Lotte Arndt et Samir Boumediene abordent les pratiques de la collecte coloniale et de la conservation muséale qui séparent leurs objets de les environnements évolutifs et périssables dans lesquels ils ont été collectés, pour les transférer dans des collections qui aspirent à les rendre matériellement stables et durables dans le temps. Ainsi réifiés et recontextualisés dans les dispositifs muséaux, plantes, artefacts, savoirs et restes humains sont réduits en objets classés et disponibles pour les sciences de la vie ou l'anthropologie.

À partir de leurs recherches respectives, sur les biocides dans les collections muséales pour Lotte et l'histoire de la patrimonialisation du savoir pour Samir, ils elles proposent de retracer les reconfigurations de certaines formes de conservation, d’examiner leurs implications épistémologiques, et d’interroger les possibilités de les faire revivre. 

Lotte Arndt est théoricienne, curatrice et enseignante à l’ESAD sur le site de Valence. Elle accompagne le travail d’artistes qui questionnent le présent postcolonial et les antinomies de la modernité dans une perspective transnationale. Elle mène actuellement une recherche sur la conservation toxique et les apories des collections post-impériales. 

Elle fait partie du groupe de recherche artistique On-Trade-Off et du comité éditorial de la revue du Centre d’art La Criée, Rennes. Elle a collaboré avec l’artiste Sammy Baloji dans le cadre du projet Extractive Landscapes (Salzburg 2019). On peut aussi nommer les projets Tampered Emotions. Lust for Dust, Triangle France (2018) et Candice Lin: A Hard White Body (2017, commissariat avec L. Morin) à Bétonsalon, Paris. Elle a publié Crawling Doubles. Colonial Collecting and Affect (ed. avec Mathieu K. Abonnenc et Catalina Lozano), B42, 2016.

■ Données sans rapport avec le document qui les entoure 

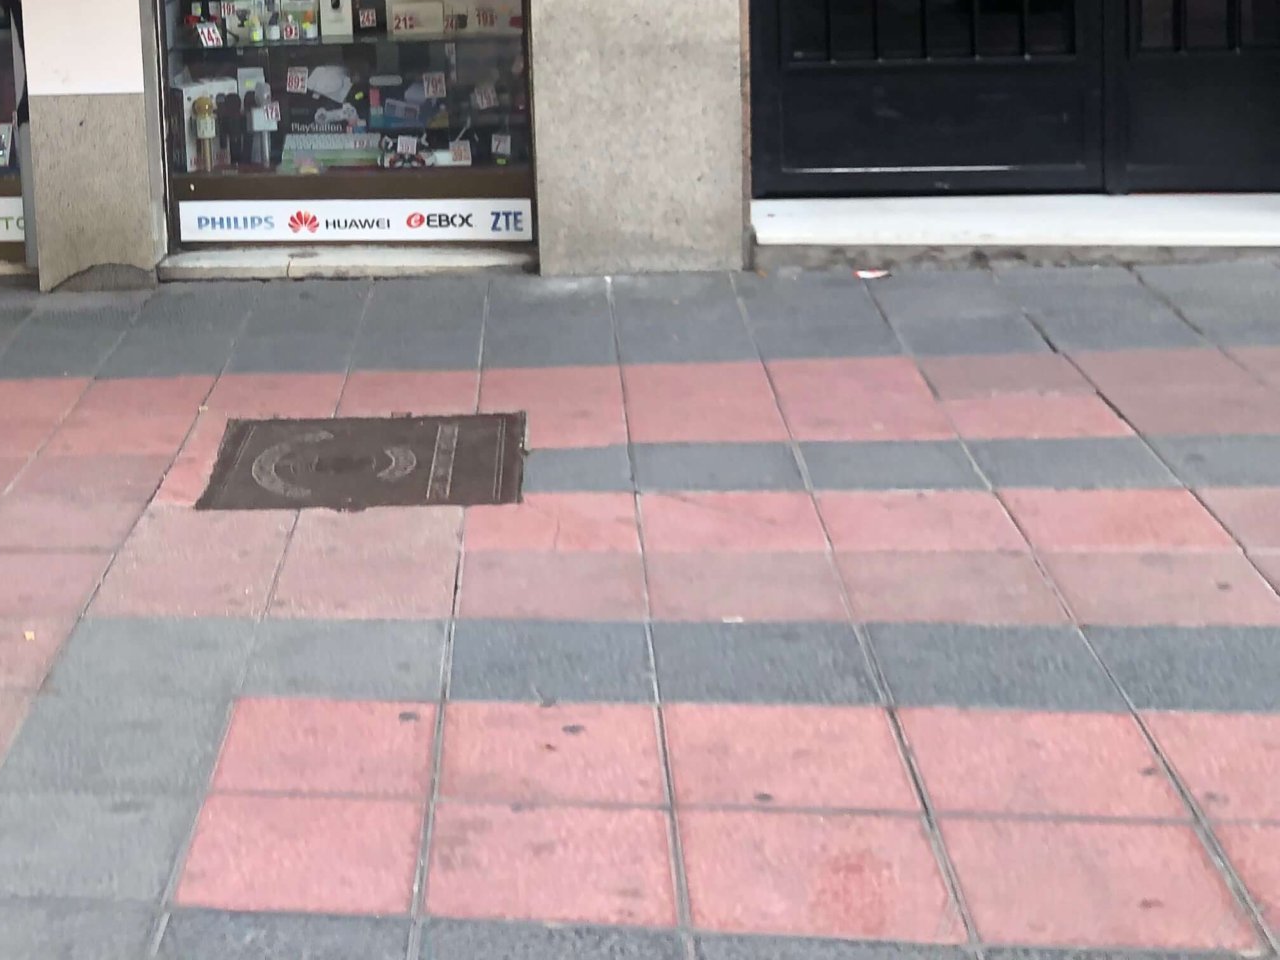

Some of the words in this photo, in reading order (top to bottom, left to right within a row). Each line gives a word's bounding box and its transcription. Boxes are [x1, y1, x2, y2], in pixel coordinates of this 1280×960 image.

[197, 214, 275, 230] PHILIPS
[325, 218, 391, 230] HUAWEI
[490, 211, 524, 231] ZTE

Samir Boumediene est chercheur à l'Institut d'histoire des représentations et des idées dans les modernités à l’ENS-Lyon. Il travaille sur l'histoire des savoirs et du phénomène colonial à l'époque moderne. Il a publié à partir de sa thèse de doctorat l’ouvrage intitulé La colonisation du savoir. Une histoire des plantes médicinales du “Nouveau Monde” (1492-1750), en 2016, dont nous avons eu le plaisir de lire des passages avec nos étudiant.e.s en Initiation à la recherche l’an dernier.

Dans la continuité de cet ouvrage consacré à l'appropriation par les Européens des pharmacopées américaines, ses recherches actuelles suivent deux directions : d'une part une étude sur l'usage du questionnaire et de l'enquête en Amérique coloniale et, d'autre part, une relecture critique de la notion de "découverte".